INSTRUCTIONS FOR THE TASK
Write the data out again exactly, dropping any images it holds.

GIVEN RECORDS
§ §
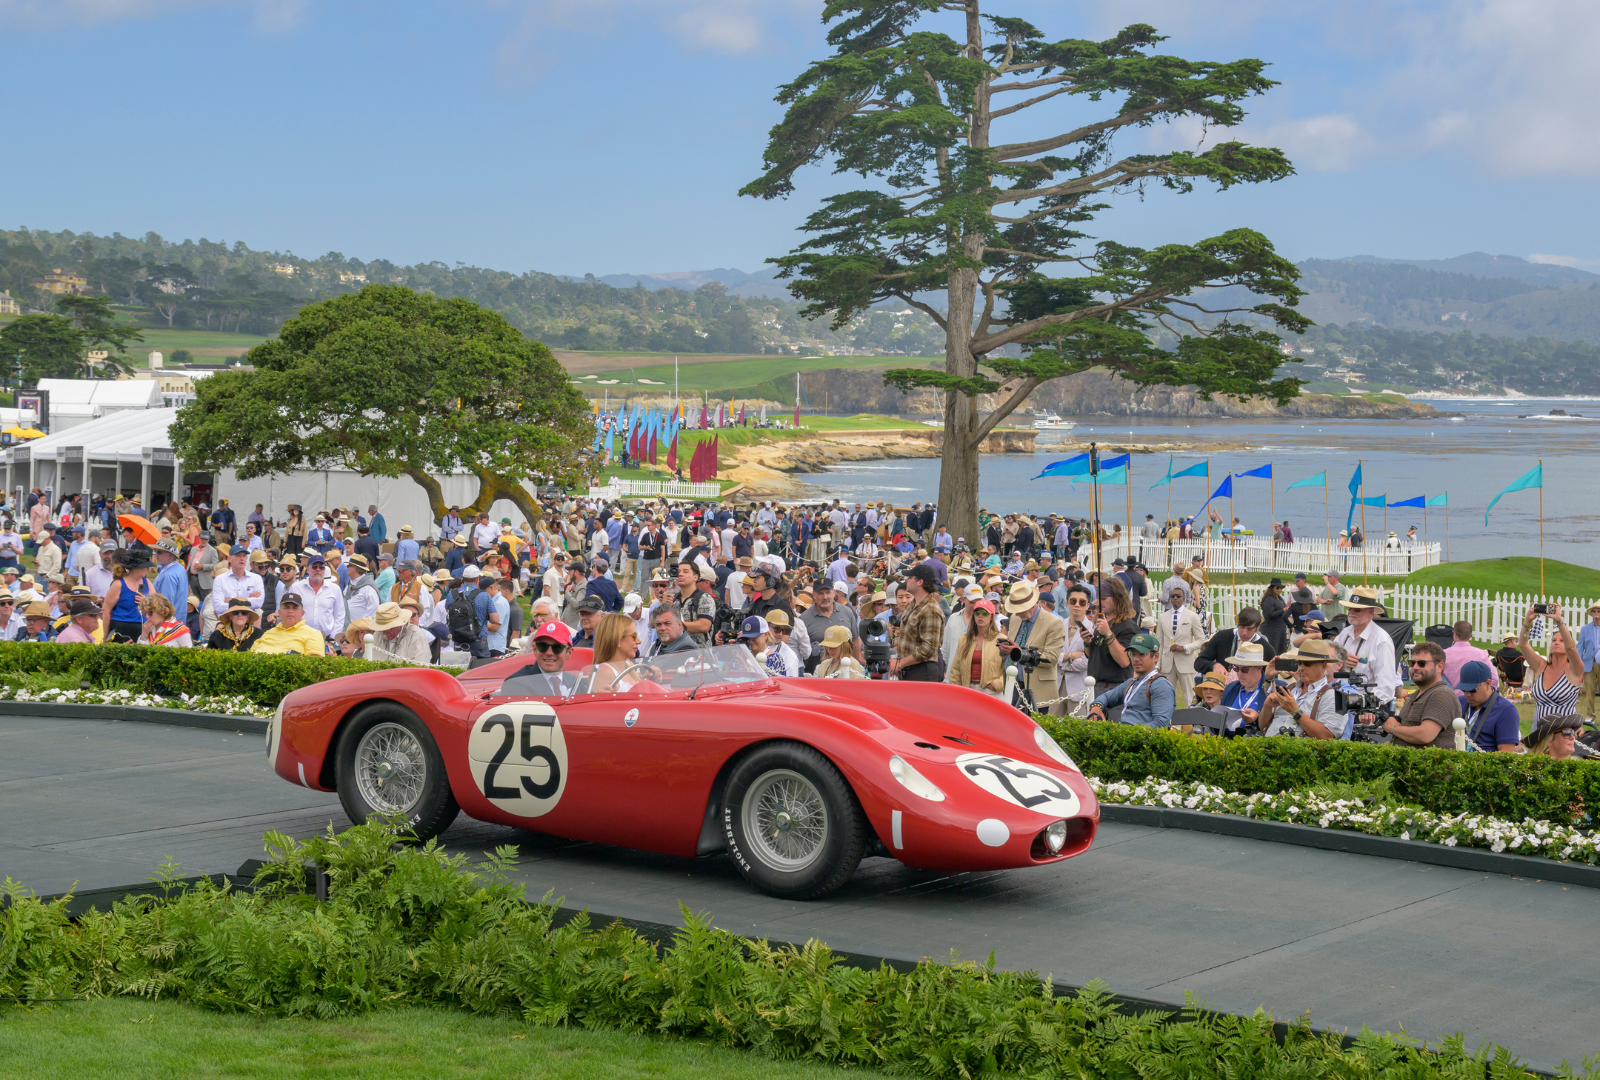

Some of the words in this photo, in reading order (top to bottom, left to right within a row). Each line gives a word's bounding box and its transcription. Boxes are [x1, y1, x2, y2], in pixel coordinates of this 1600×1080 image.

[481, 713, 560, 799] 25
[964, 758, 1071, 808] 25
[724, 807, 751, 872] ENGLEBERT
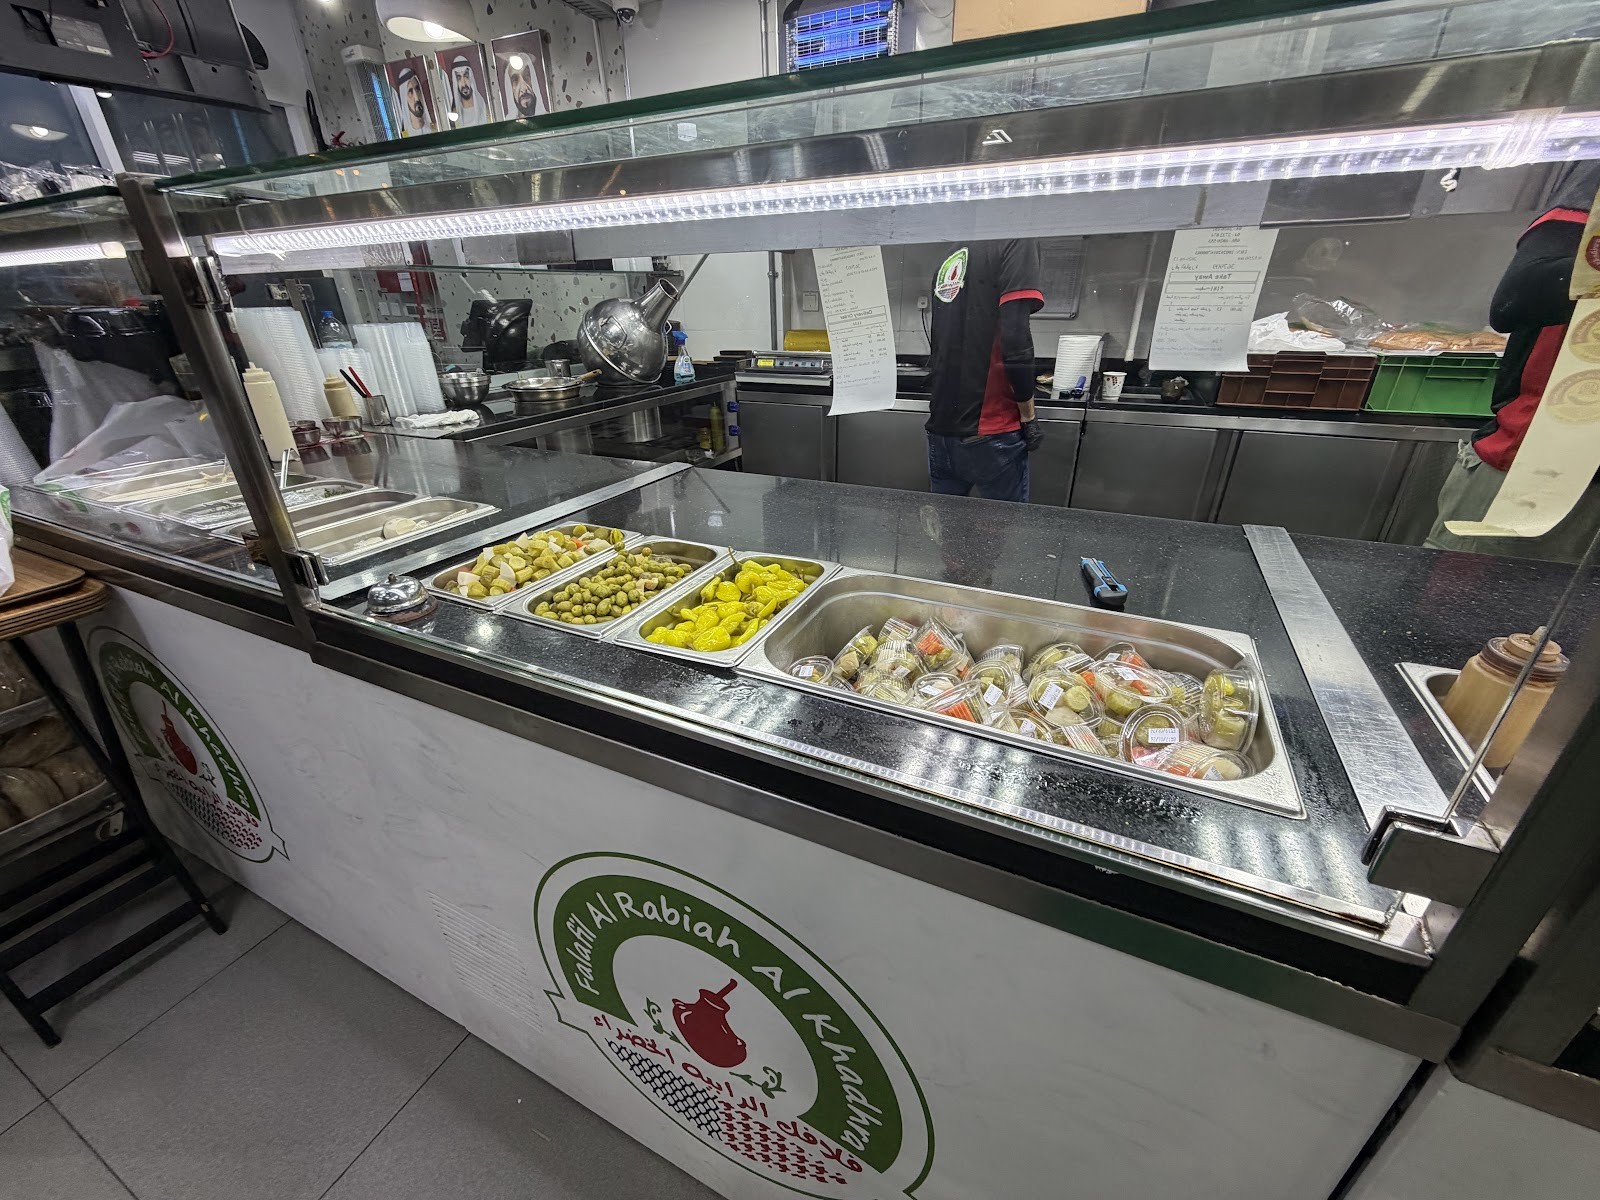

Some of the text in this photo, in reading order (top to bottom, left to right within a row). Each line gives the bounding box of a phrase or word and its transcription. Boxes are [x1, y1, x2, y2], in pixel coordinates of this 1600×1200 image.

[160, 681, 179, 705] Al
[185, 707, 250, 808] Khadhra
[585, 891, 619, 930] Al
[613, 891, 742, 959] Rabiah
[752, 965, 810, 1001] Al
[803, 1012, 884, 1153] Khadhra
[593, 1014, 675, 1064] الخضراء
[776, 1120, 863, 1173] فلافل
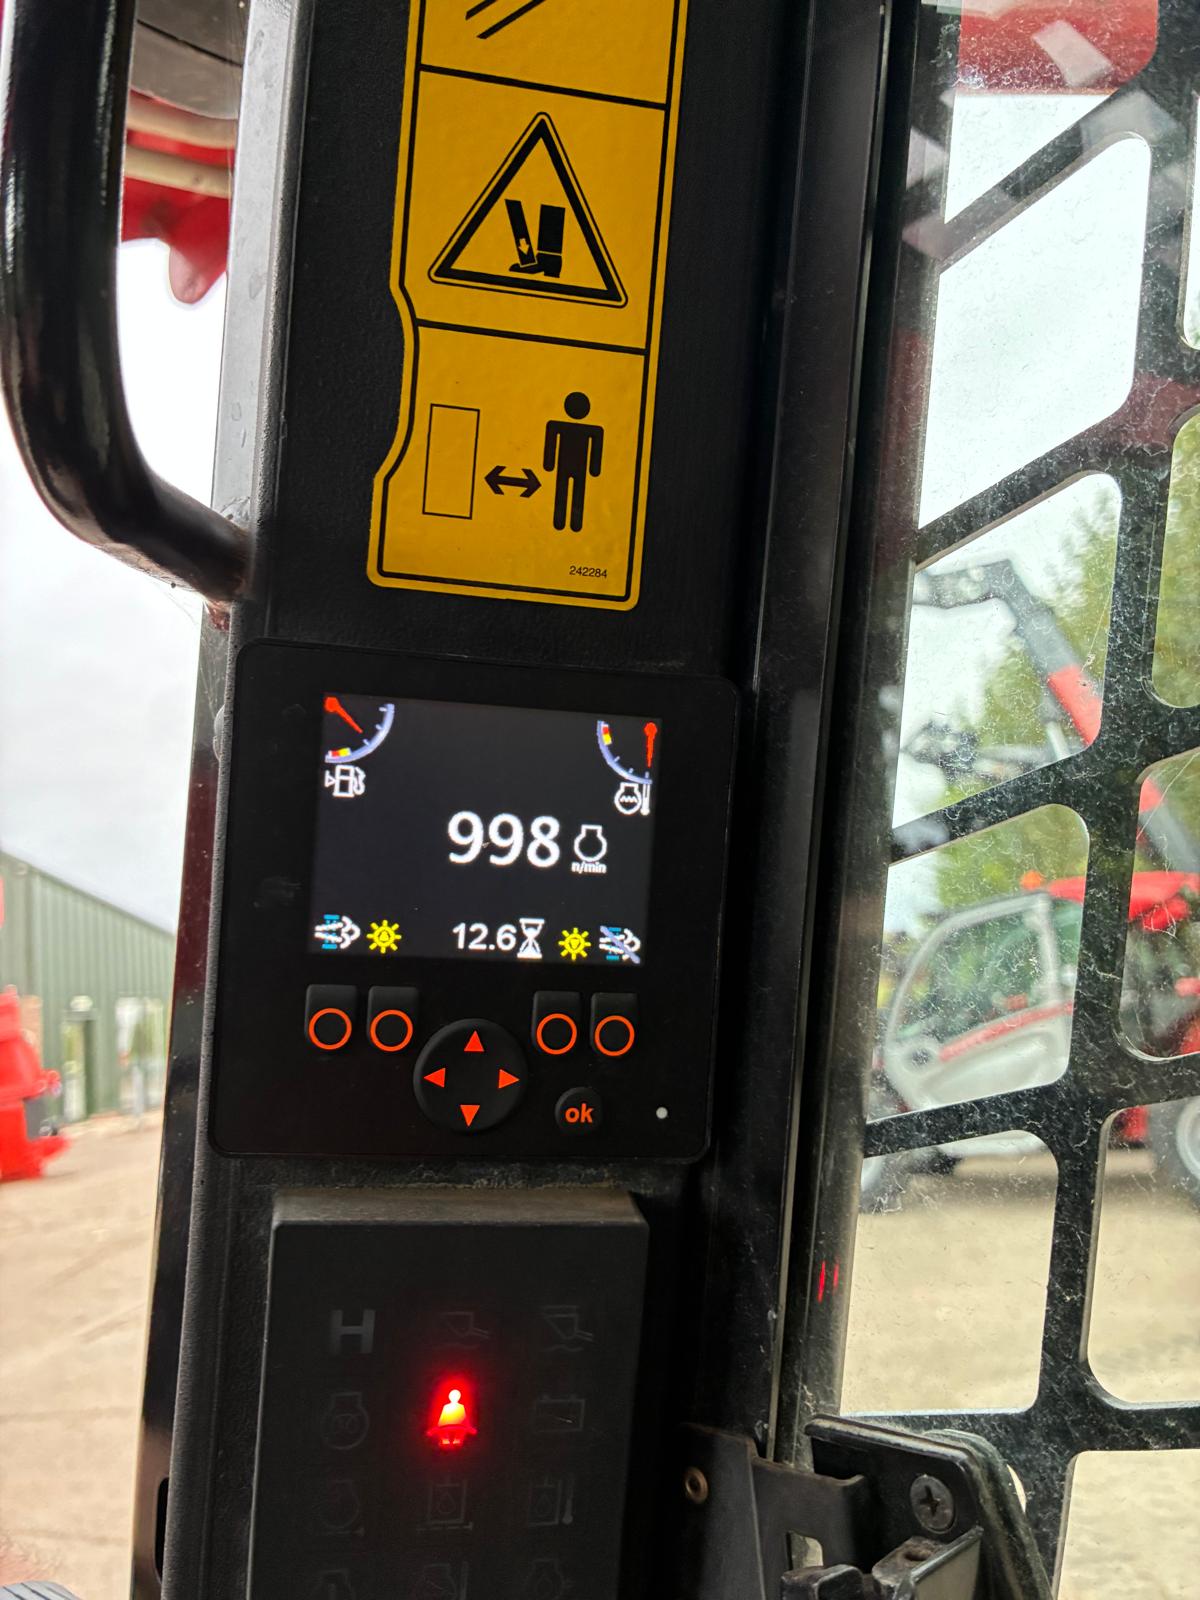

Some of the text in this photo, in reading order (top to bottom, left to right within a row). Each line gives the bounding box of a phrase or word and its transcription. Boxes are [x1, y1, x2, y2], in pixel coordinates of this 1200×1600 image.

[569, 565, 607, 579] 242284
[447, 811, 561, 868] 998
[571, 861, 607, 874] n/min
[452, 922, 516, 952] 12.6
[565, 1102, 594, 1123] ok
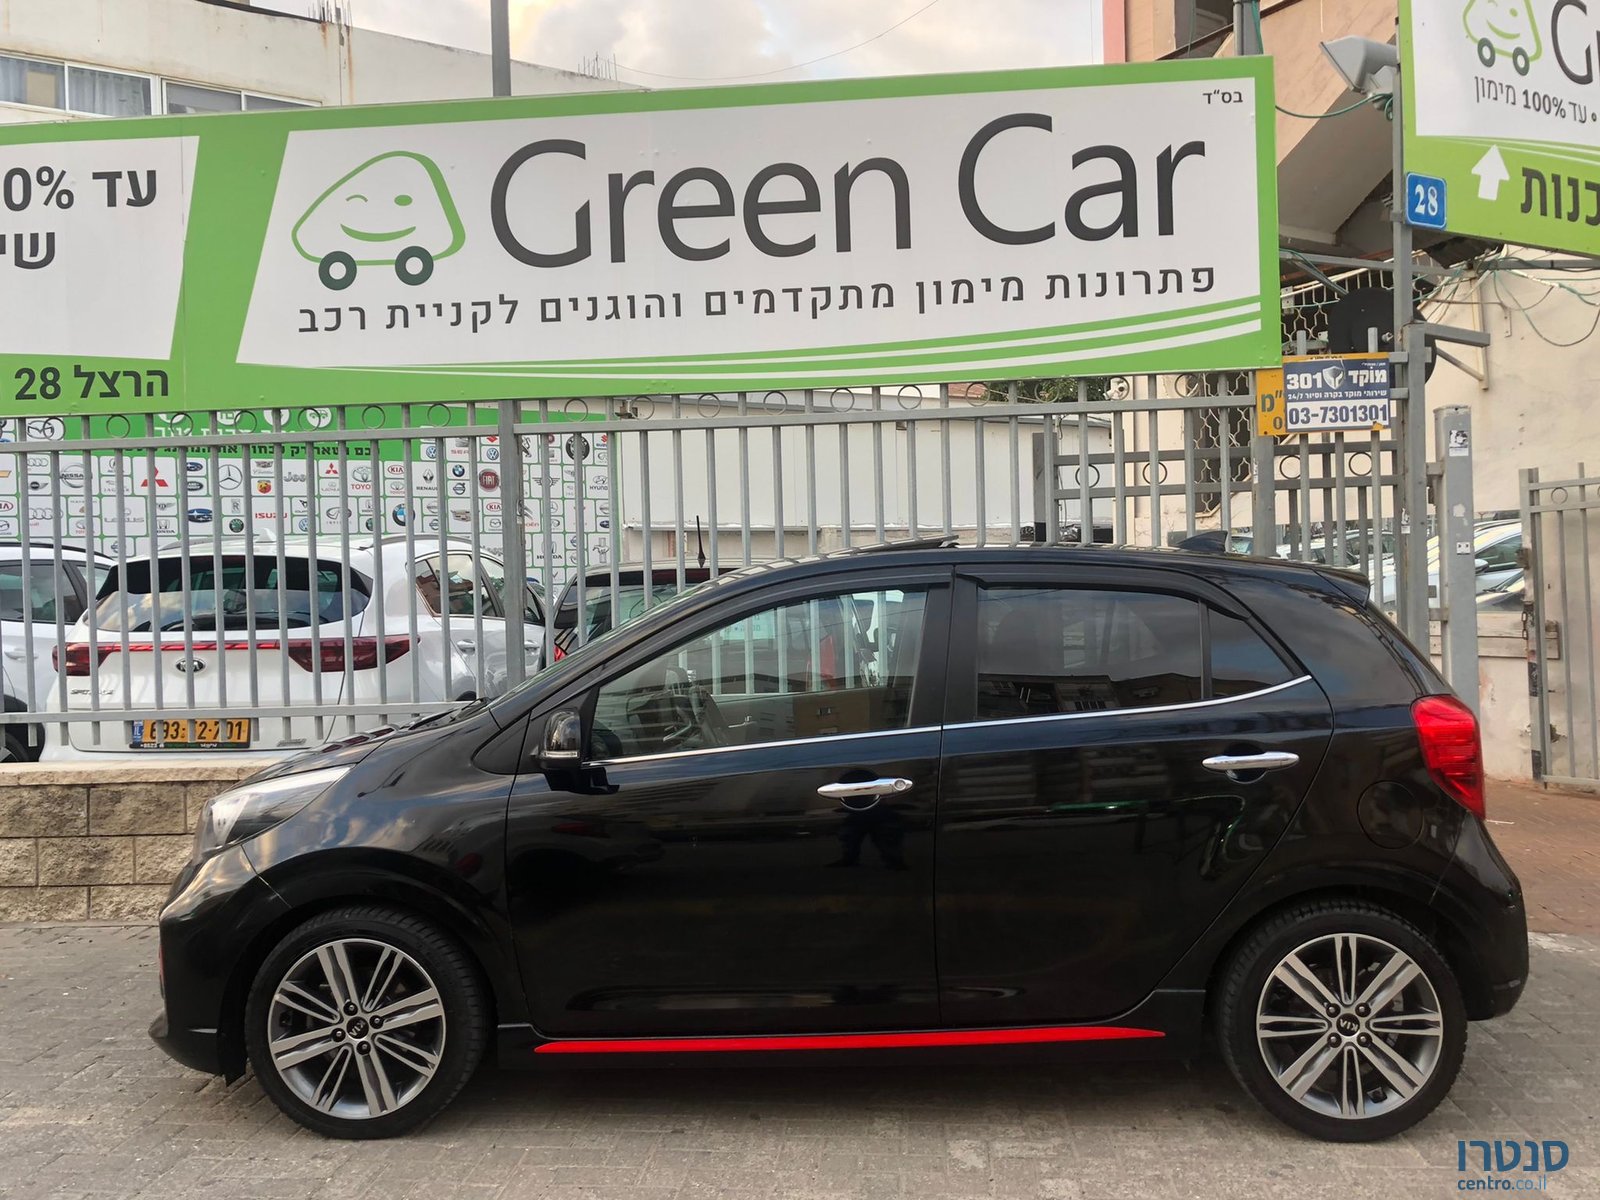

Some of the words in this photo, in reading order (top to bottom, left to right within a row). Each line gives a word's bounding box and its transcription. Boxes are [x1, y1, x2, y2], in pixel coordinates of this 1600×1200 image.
§ §
EXERCISE ANSWER
Some of the words in this photo, in reading order (top to bottom, left to right within a row). Each line gives a word's bounding box and its transcription. Boxes are [x1, y1, x2, y2], in pixel coordinates of this 1600×1080 image.

[481, 713, 560, 799] 25
[964, 758, 1071, 808] 25
[724, 807, 751, 872] ENGLEBERT

Some of the text in this photo, in reading order (top to bottom, left to right within a row). Each line gives the bounding box of a phrase or word and its transcription. Boxes are [x1, y1, x2, y2], in pixel coordinates of this 1600×1200 image.

[160, 681, 179, 705] Al
[185, 707, 250, 808] Khadhra
[585, 891, 619, 930] Al
[613, 891, 742, 959] Rabiah
[752, 965, 810, 1001] Al
[803, 1012, 884, 1153] Khadhra
[593, 1014, 675, 1064] الخضراء
[776, 1120, 863, 1173] فلافل

Some of the text in this photo, in reading order (top to bottom, left to right within a row). Each line gives the bounding box of a phrase or word and its transcription. Boxes are [x1, y1, x2, y2], in pixel coordinates of this 1200×1600 image.

[569, 565, 607, 579] 242284
[447, 811, 561, 868] 998
[571, 861, 607, 874] n/min
[452, 922, 516, 952] 12.6
[565, 1102, 594, 1123] ok

Some of the words in this photo, in reading order (top to bottom, left to right within a row). Each line gives a word's bounding box and its transcription. Boxes are [x1, y1, x2, y2], in pixel coordinates of this 1600×1200 image.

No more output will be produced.